Dataset records
:::::
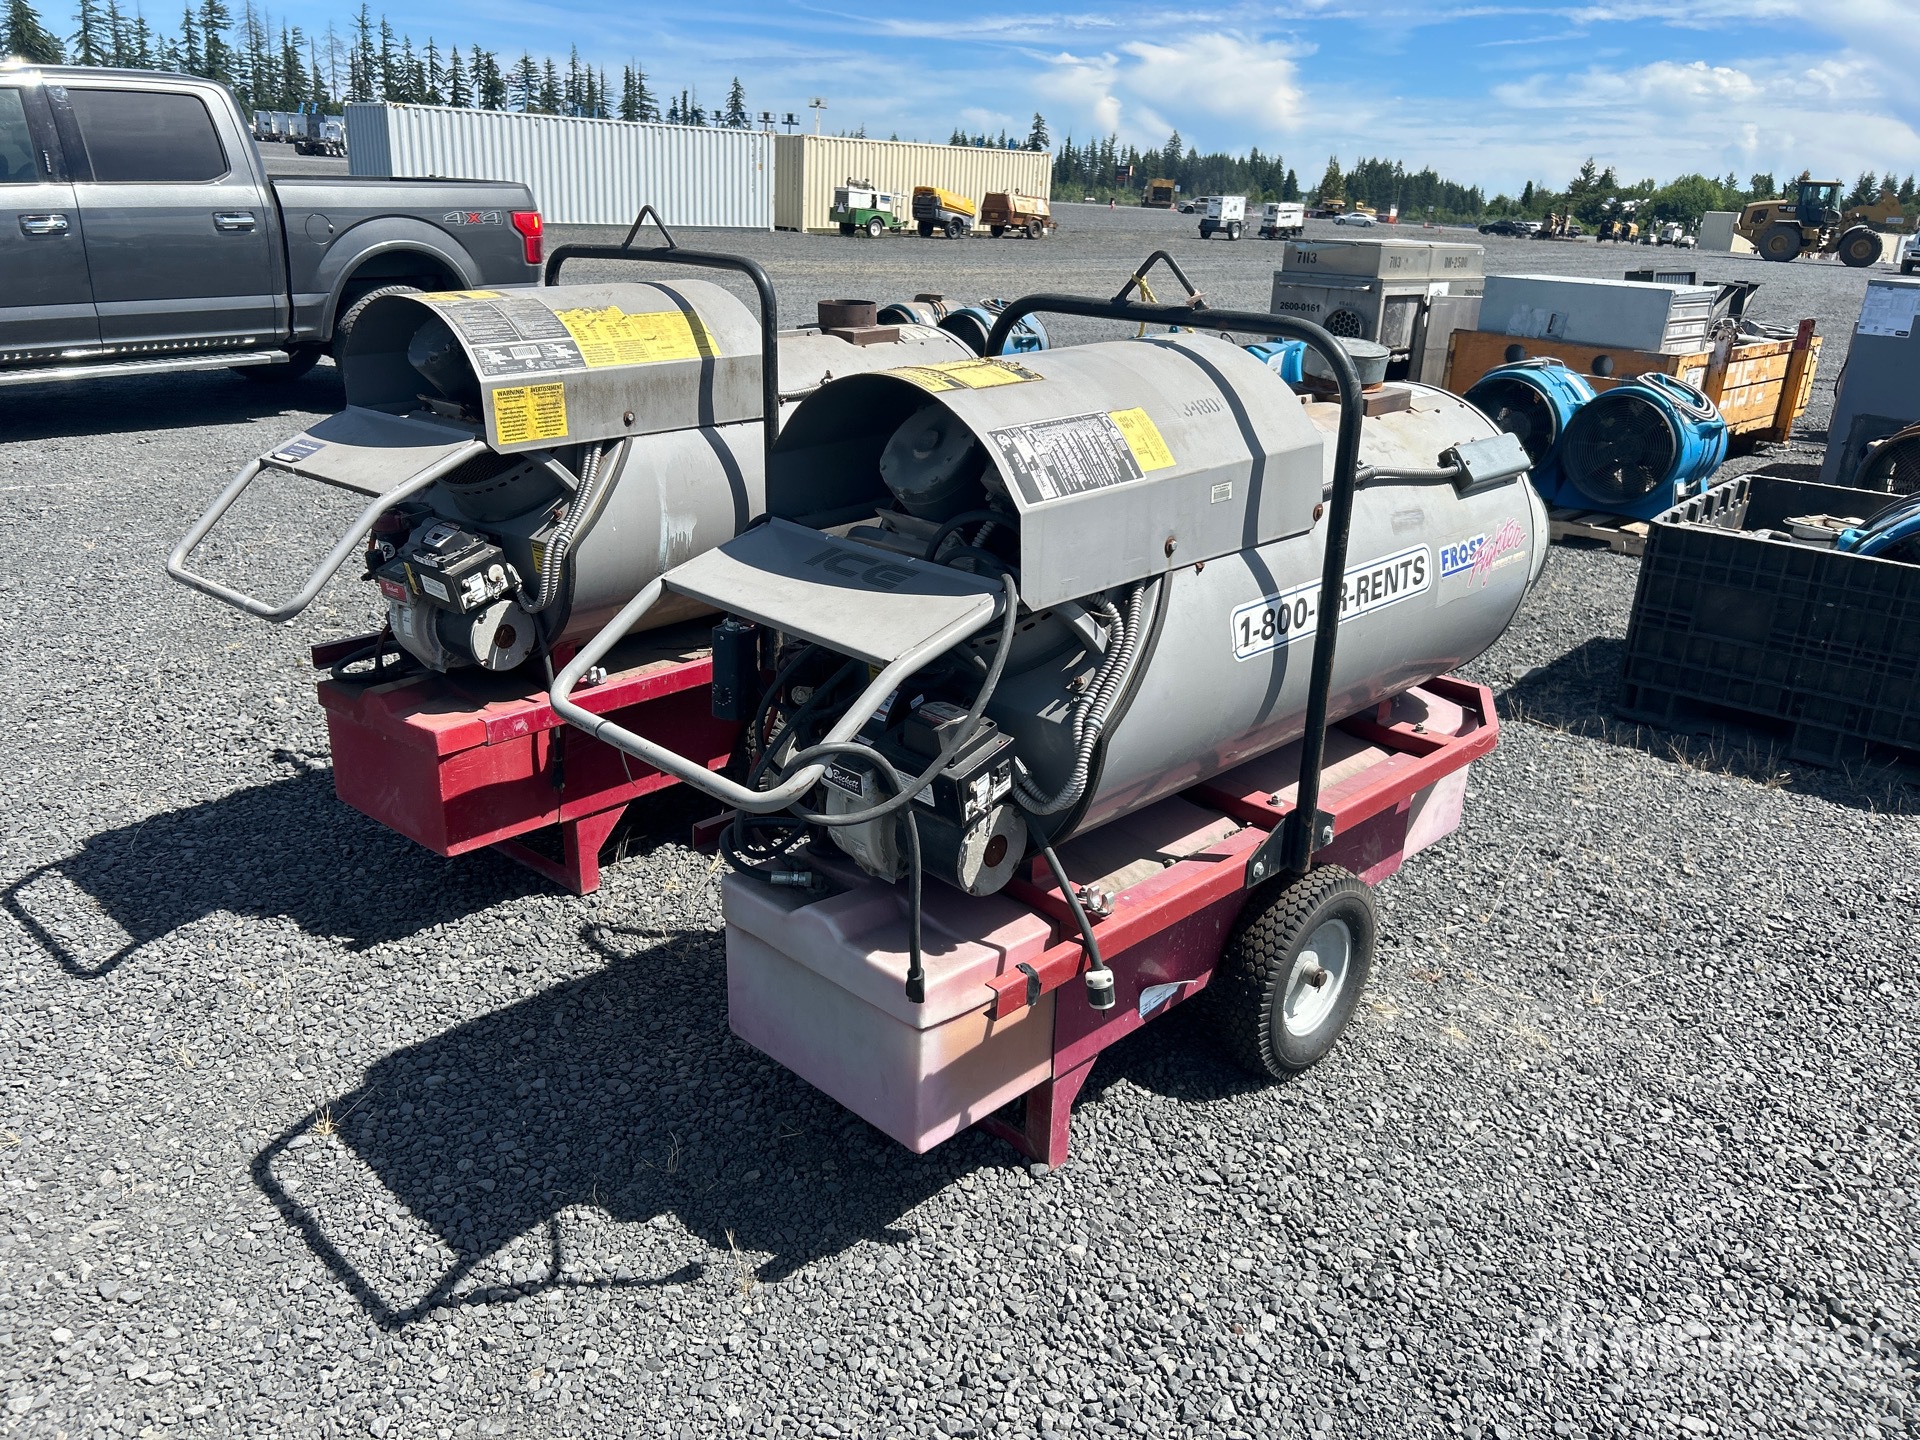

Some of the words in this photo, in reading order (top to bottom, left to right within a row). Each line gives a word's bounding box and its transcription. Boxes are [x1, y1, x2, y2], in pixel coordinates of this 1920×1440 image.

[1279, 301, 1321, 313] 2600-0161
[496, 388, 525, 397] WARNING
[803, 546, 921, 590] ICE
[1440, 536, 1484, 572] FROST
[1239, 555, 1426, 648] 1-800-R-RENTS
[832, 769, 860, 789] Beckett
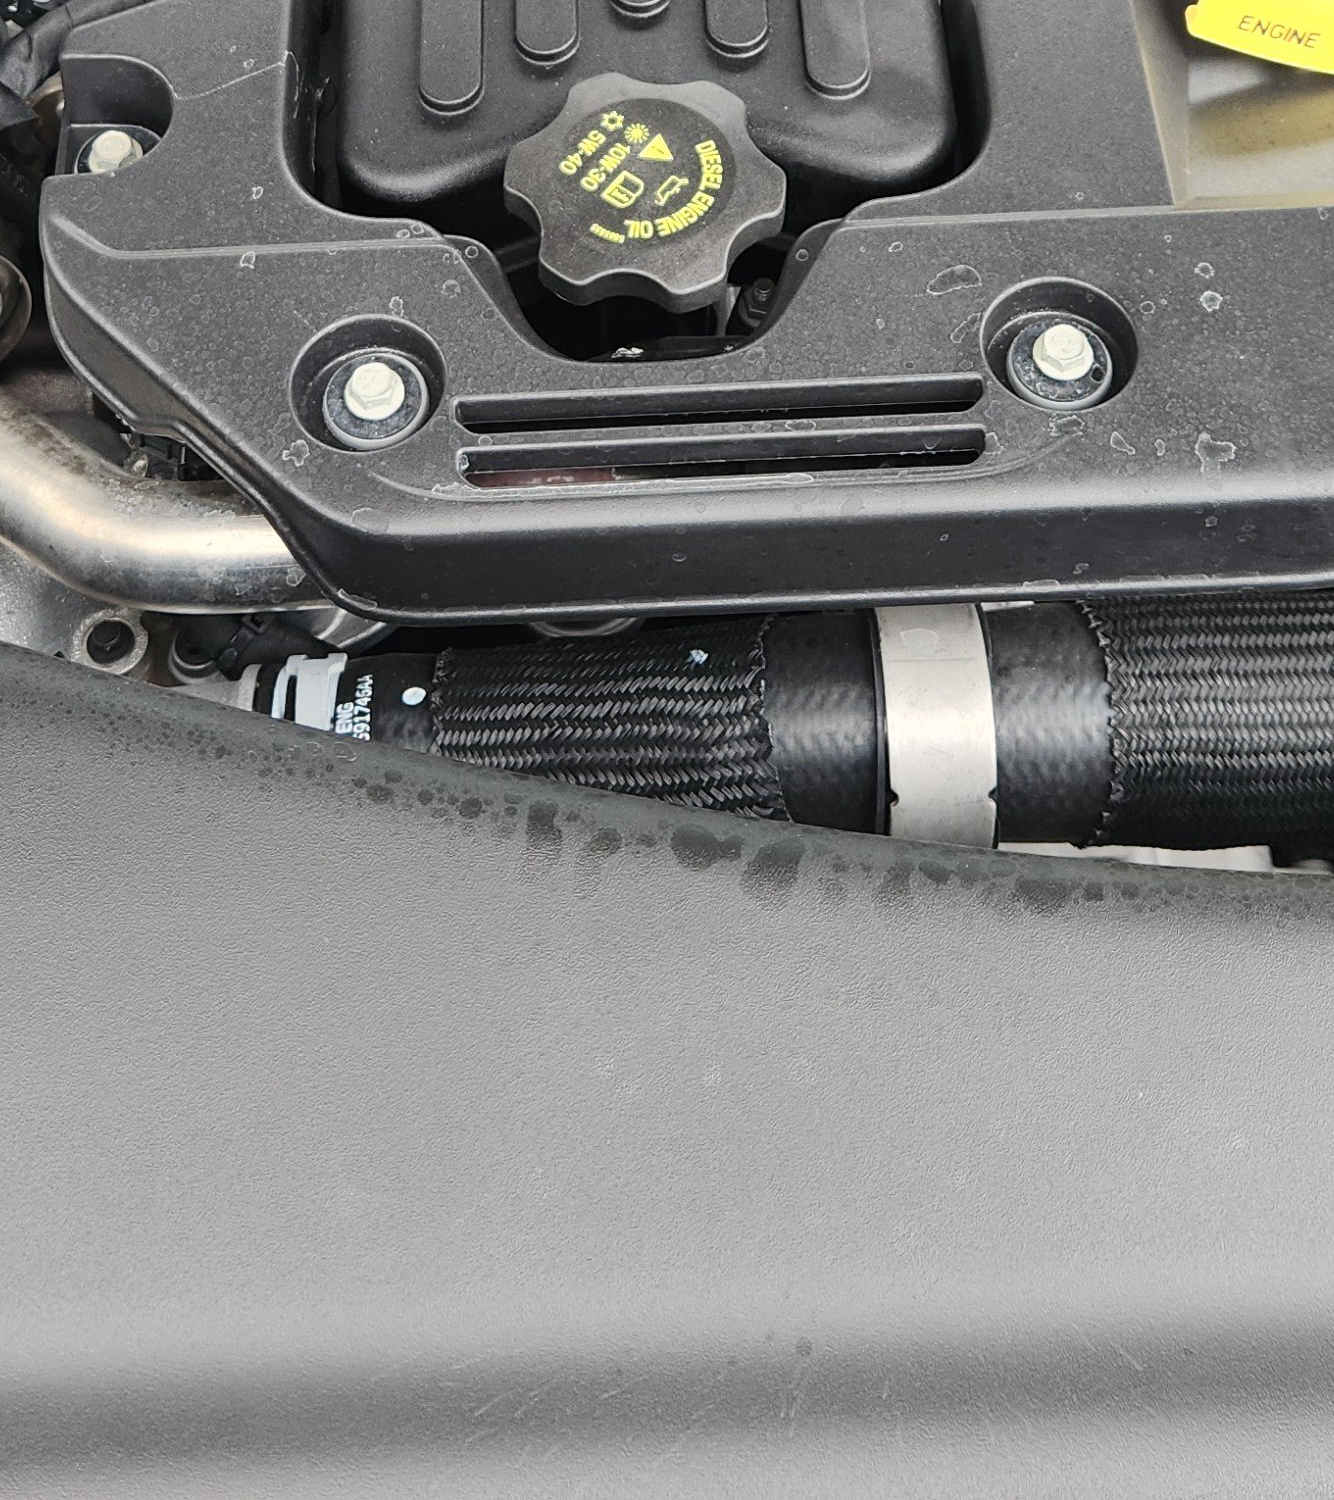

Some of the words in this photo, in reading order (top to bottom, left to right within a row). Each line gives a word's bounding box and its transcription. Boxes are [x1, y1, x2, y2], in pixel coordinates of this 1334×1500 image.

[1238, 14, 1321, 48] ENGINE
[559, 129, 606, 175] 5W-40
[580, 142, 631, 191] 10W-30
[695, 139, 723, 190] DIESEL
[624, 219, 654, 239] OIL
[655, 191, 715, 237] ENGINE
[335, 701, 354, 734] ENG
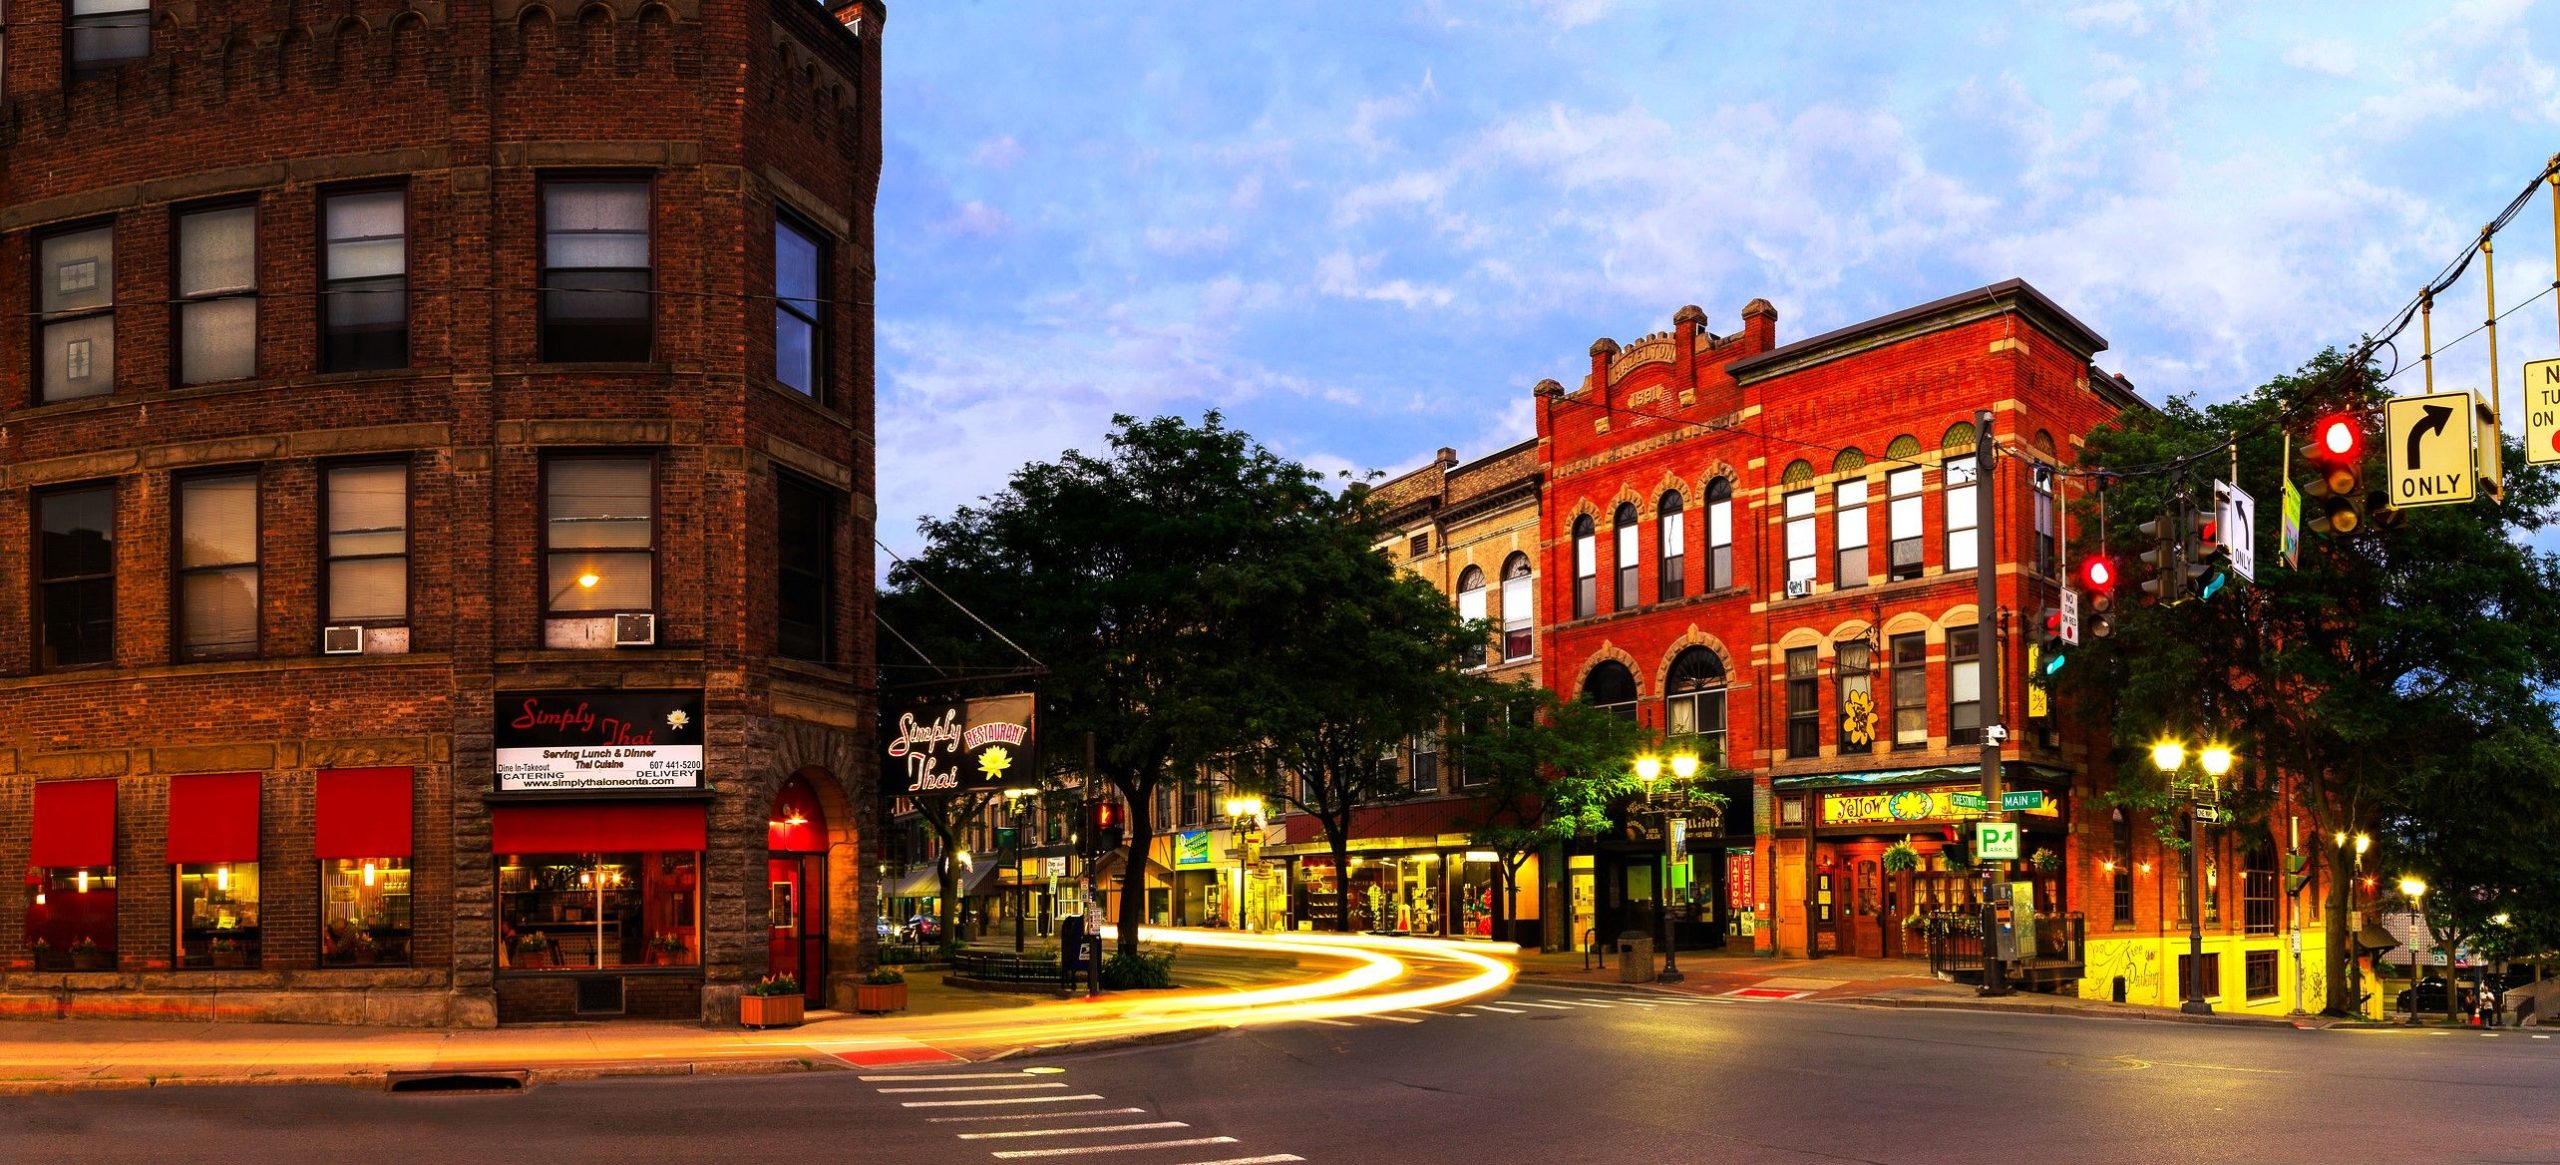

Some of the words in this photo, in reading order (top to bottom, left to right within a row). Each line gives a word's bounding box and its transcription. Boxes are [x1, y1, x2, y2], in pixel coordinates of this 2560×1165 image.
:::::
- **Exercise description**: Please return, exactly and with pictures omitted, the lines from the line holding "this 1334×1500 image." through the end of the data above, inclusive.

- **Task result**:
Some of the words in this photo, in reading order (top to bottom, left to right within a row). Each line gives a word's bounding box and its transcription. Boxes are [x1, y1, x2, y2], in pixel coordinates of this 1334×1500 image.

[1238, 14, 1321, 48] ENGINE
[559, 129, 606, 175] 5W-40
[580, 142, 631, 191] 10W-30
[695, 139, 723, 190] DIESEL
[624, 219, 654, 239] OIL
[655, 191, 715, 237] ENGINE
[335, 701, 354, 734] ENG

Some of the words in this photo, in reading order (top to bottom, left to right within a row). Each line gives a word's bounding box and its transcription. Boxes are [x1, y1, x2, y2], in pixel coordinates of this 2560×1165 image.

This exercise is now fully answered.